METHODS: Sixty patients with a body mass index (BMI) between 25 and 30 kg/m², American Society of Anesthesiologists class I or II, undergoing general anesthesia were randomly divided into a succinylcholine group and a rocuronium group. After a 3-min preoxygenation, patients received rapid sequence induction of general anesthesia with midazolum-fentanyl-propofol and succinylcholine (1.5 mg/kg) or rocuronium (0.9 mg/kg). Ventilation was not initiated until oxygen saturation declined to 92%. We measured the times when oxygen saturation reached 98%, 96%, 94% and 92%. Safe Apnea Time was defined as the time from administration of neuromuscular blocking drugs to oxygen saturation fell to 92%. The recovery period was defined as the time from initiation of ventilation until oxygen saturation was 97%. Arterial blood gases were taken at baseline, after preoxygenation and at 92% oxygen saturation.

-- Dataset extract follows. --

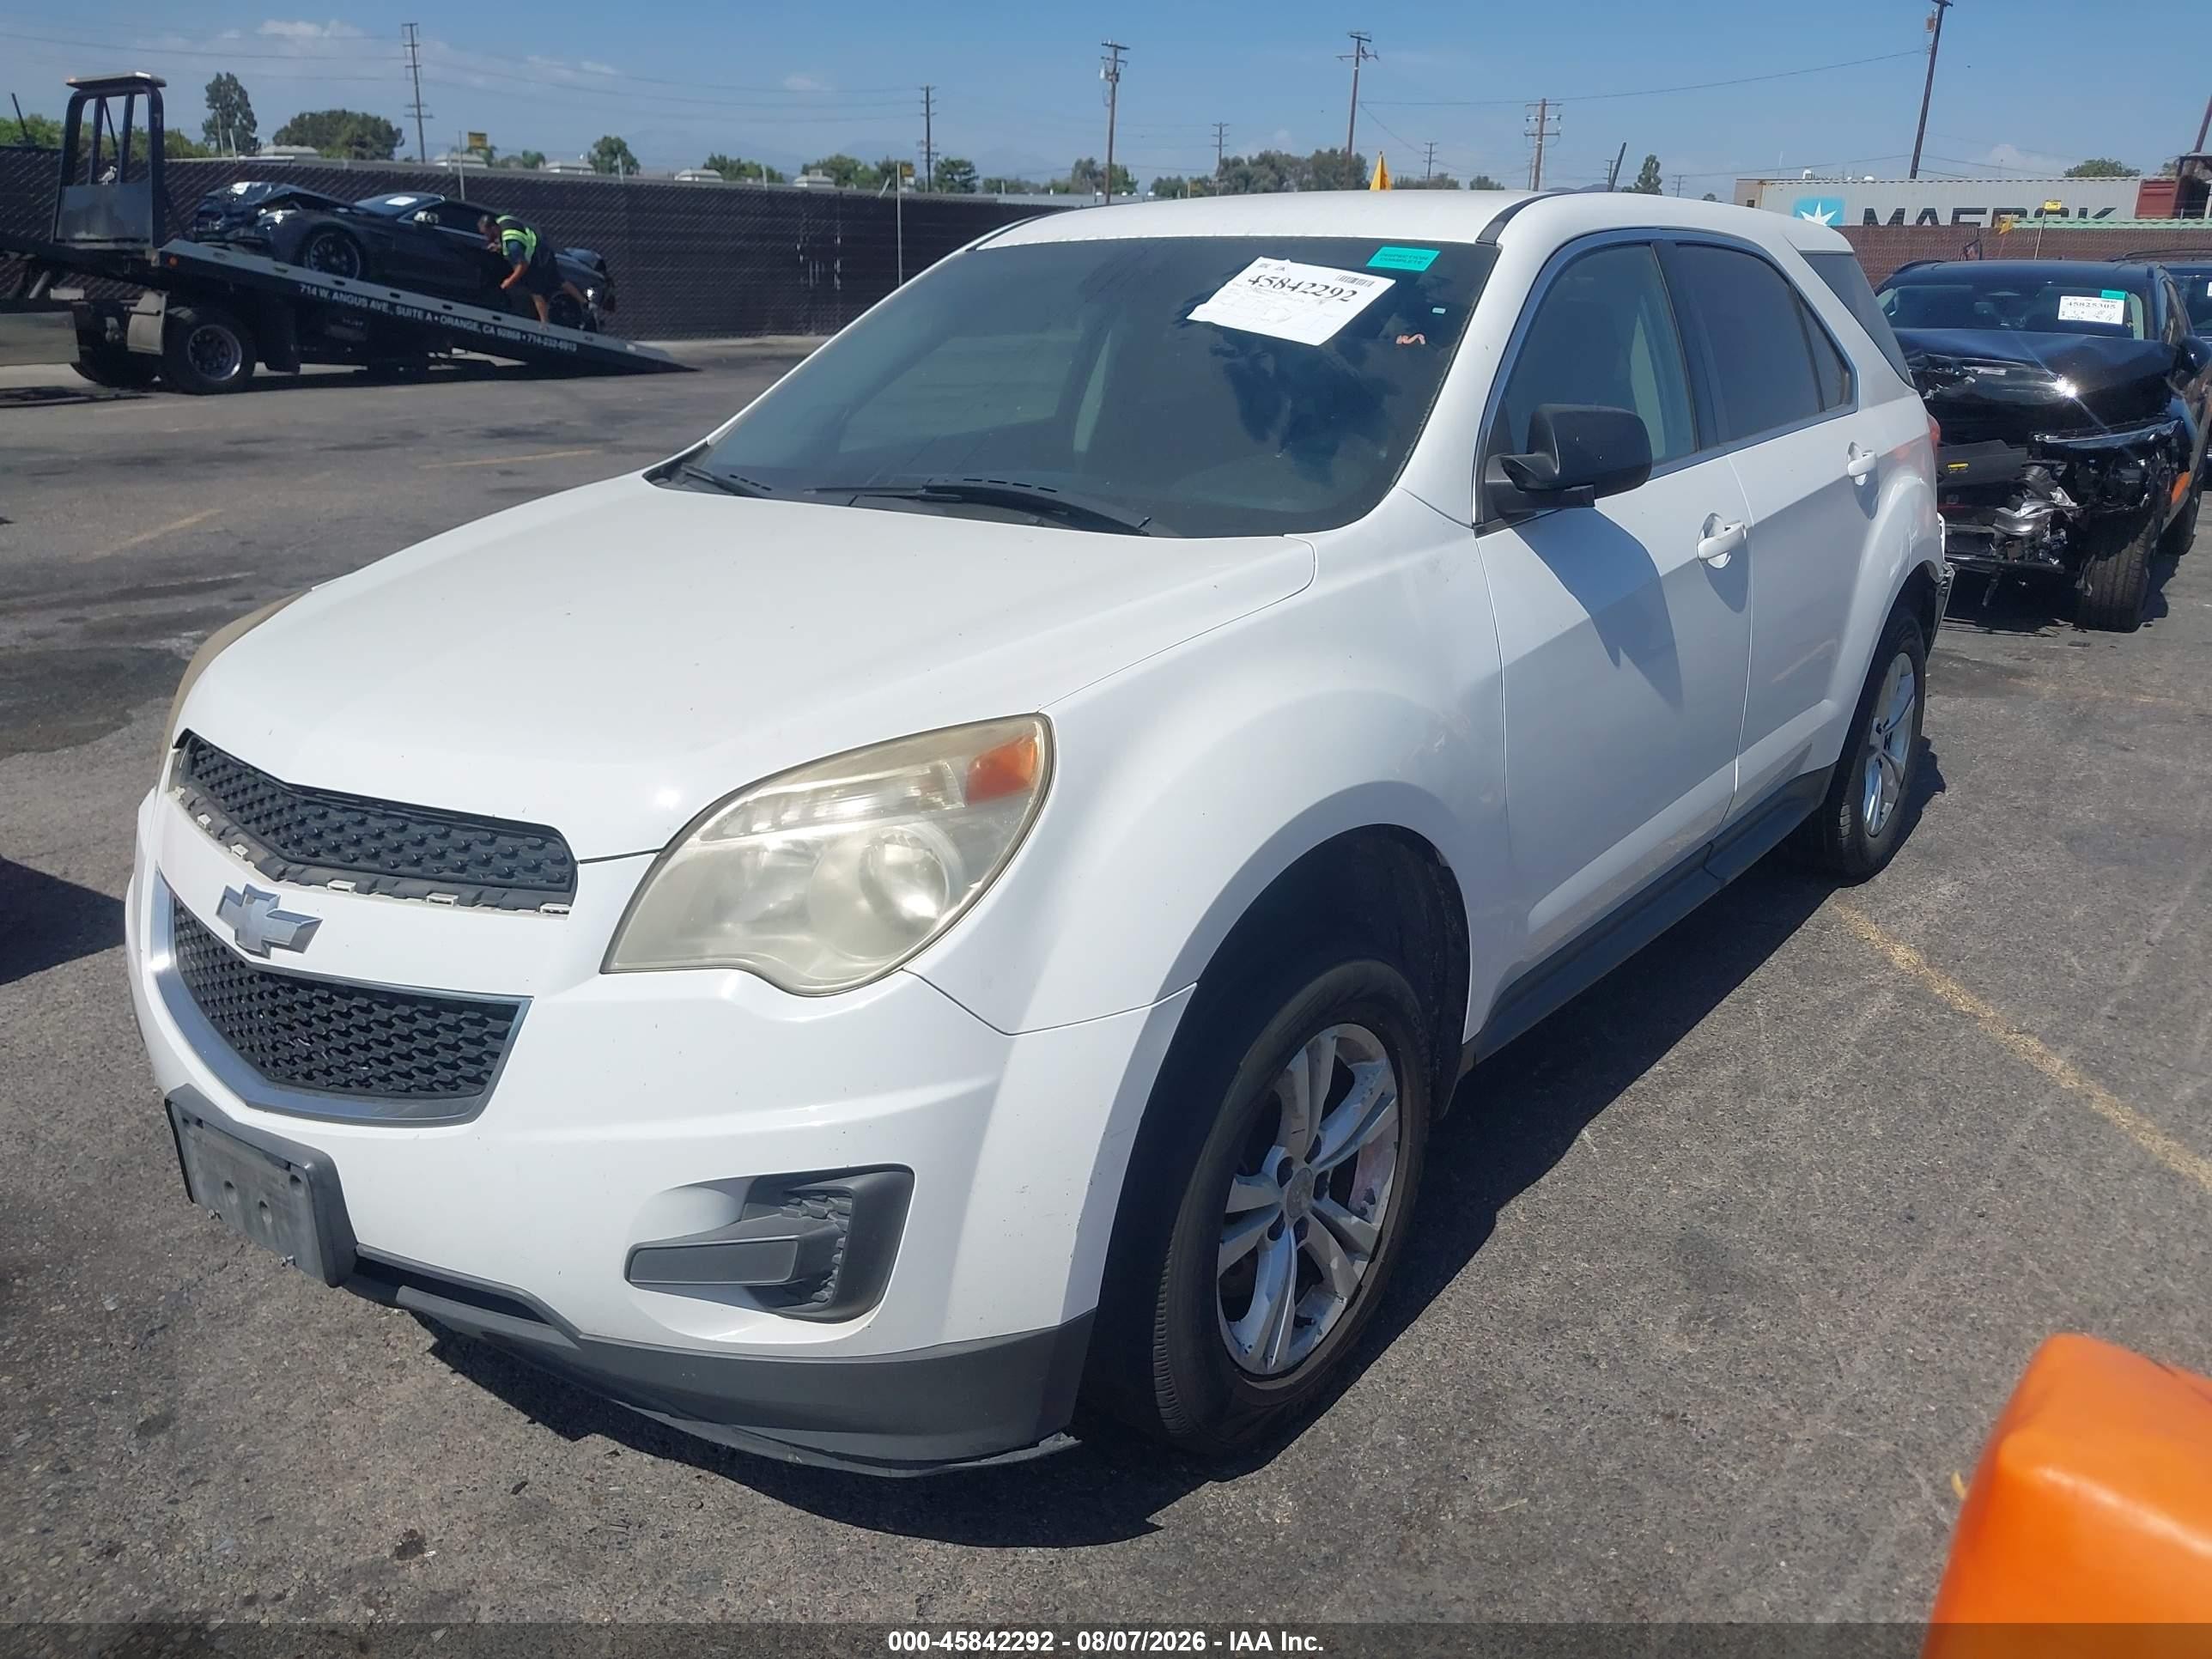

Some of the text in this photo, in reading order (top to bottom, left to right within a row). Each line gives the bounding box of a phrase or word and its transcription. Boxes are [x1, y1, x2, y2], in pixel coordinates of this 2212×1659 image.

RESULTS: The mean Safe Apnea Time (95% CI) was 283 (257-309) s in succinylcholine vs. 329 (303-356) s in rocuronium (P=0.01). The mean recovery period (95% CI) was 43 (39-48) s in succinylcholine vs. 36 (33-38) s in rocuronium (P=0.002). Blood gas analysis showed no difference between the two groups.
CONCLUSIONS: Succinylcholine was associated with a significantly more rapid desaturation and longer recovery of oxygen saturation than rocuronium during rapid sequence induction in overweight patients.
Desaturation following rapid sequence induction using succinylcholine vs. rocuronium in overweight patients
Acta Anaesthesiol Scand. 2011 Feb;55(2):203-8
A Cochrane review examined the evidence from randomised controlled trials to establish whether routine use of inhaled oxygen in acute myocardial infarction (AMI) improves patient-centred outcomes, the primary outcomes being death, pain and complications.
Three trials involving 387 patients were included and 14 deaths occurred. The pooled relative risk (RR) of death was 2.88 (95% CI 0.88 to 9.39) in an intention-to-treat analysis and 3.03 (95% CI 0.93 to 9.83) in patients with confirmed AMI. While suggestive of harm, the small number of deaths recorded meant that this could be a chance occurrence. Pain was measured by analgesic use. The pooled RR for the use of analgesics was 0.97 (95% CI 0.78 to 1.20).
There is therefore no conclusive evidence from randomised controlled trials to support the routine use of inhaled oxygen in patients with acute AMI. A definitive randomised controlled trial is required.